Power pack: nuclear power in space

The Engineer
Aug 15, 2011

With plutonium-238 supplies running low, the race is on to find new power sources for spacecraft

Most of us have a clear image of what a real-world spacecraft looks like. Whether it’s a communications satellite, an Earth observation platform or even the International Space Station, the picture that would generally spring to mind is of a relatively small, probably irregular-shaped body dwarfed by the spreading oblongs of solar panels, providing the power for whatever systems are on board.
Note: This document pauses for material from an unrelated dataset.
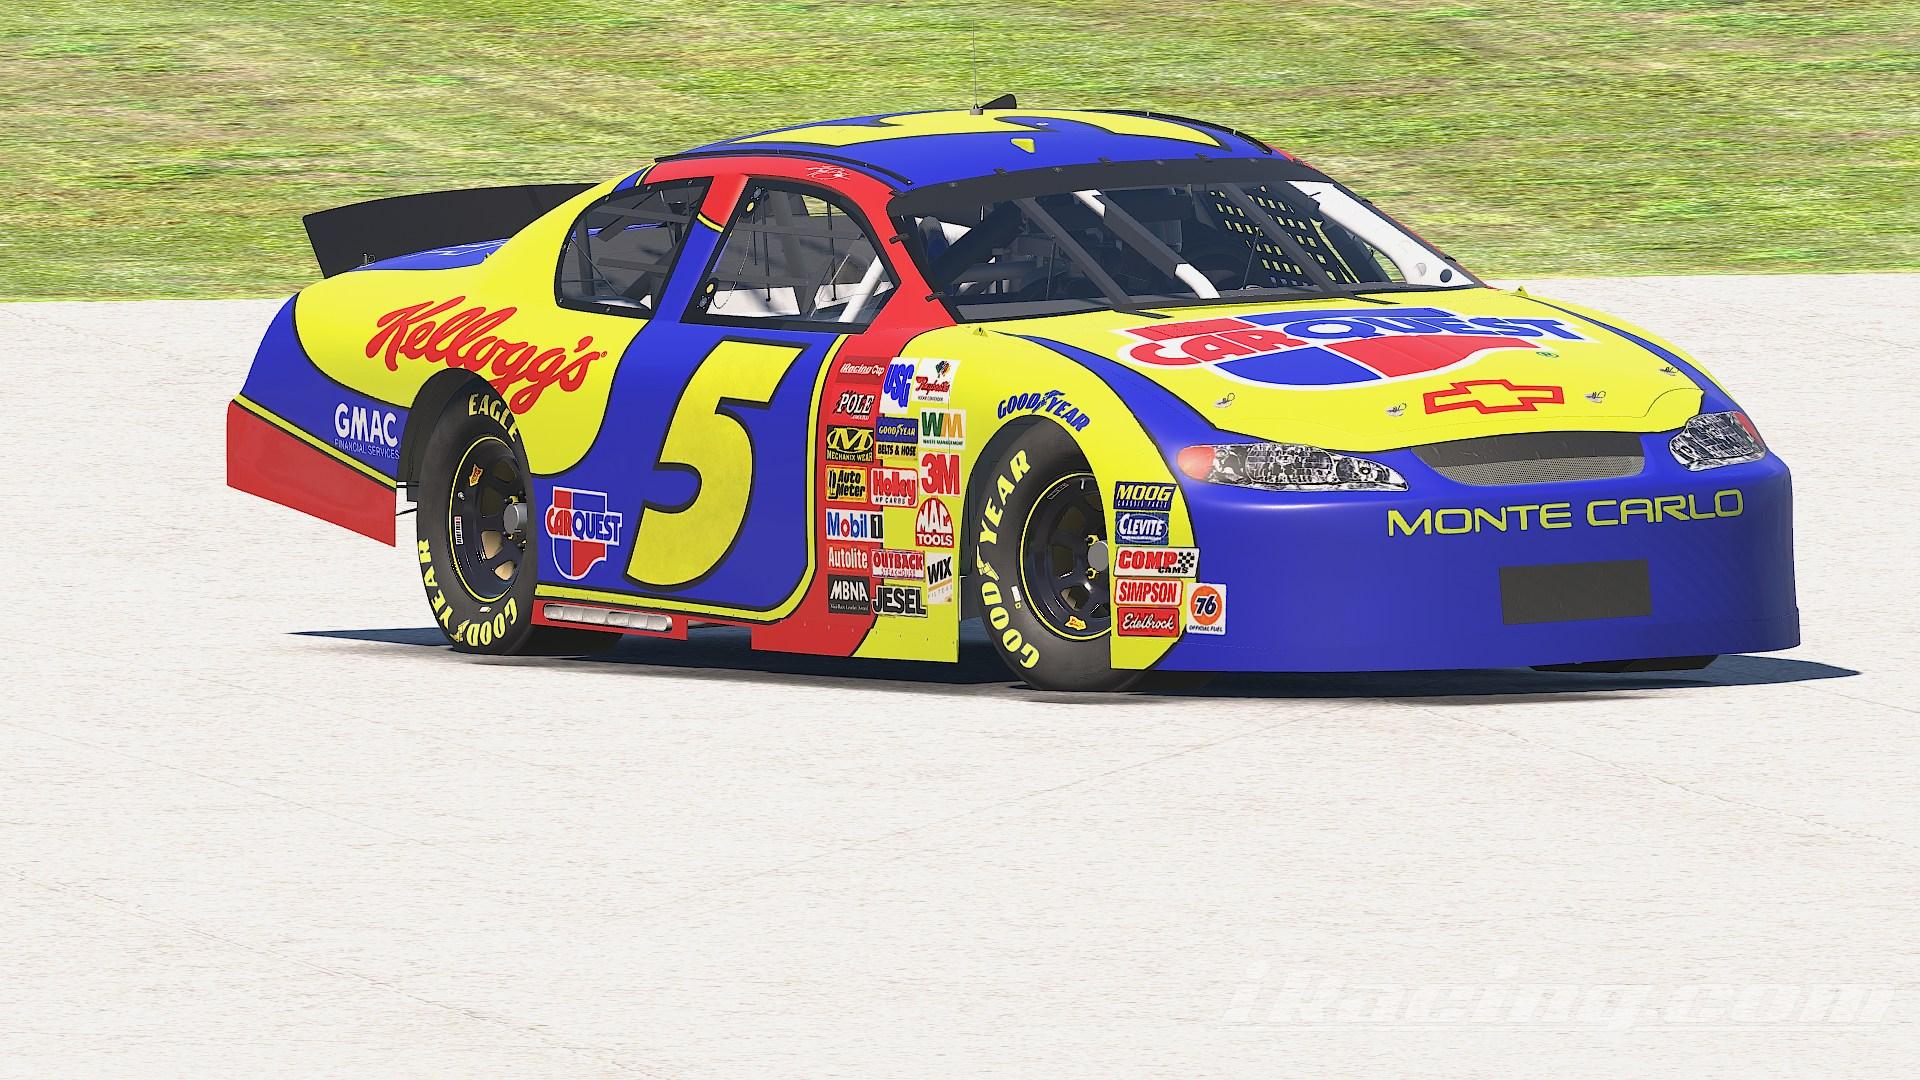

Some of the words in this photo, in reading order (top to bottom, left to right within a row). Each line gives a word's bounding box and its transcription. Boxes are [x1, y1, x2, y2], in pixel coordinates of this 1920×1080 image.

That’s fine for Earth orbit or the inner Solar System. But what happens if you need to send a spacecraft further away, where the sun is too weak to provide enough power, or to a place where there is no constant access to sunshine, such as the dark side of the Moon or to Mars?

Probes and craft in these regions run off nuclear power. This has a long history the first nuclear power system for satellites was launched in 1961 and nuclear-powered craft include the Pioneer and Voyager probes, Galileo, Cassini, Ulysses and the New Horizons probe, currently on its way to Pluto; as well as the 1970s Viking landers, the Spirit and Opportunity Mars rovers, and the scientific instruments used on the Moon by the Apollo 12 to 17 crews. These are all still where they were left, apart of course from those to be used by Apollo 13, which are somewhere in the Pacific Ocean.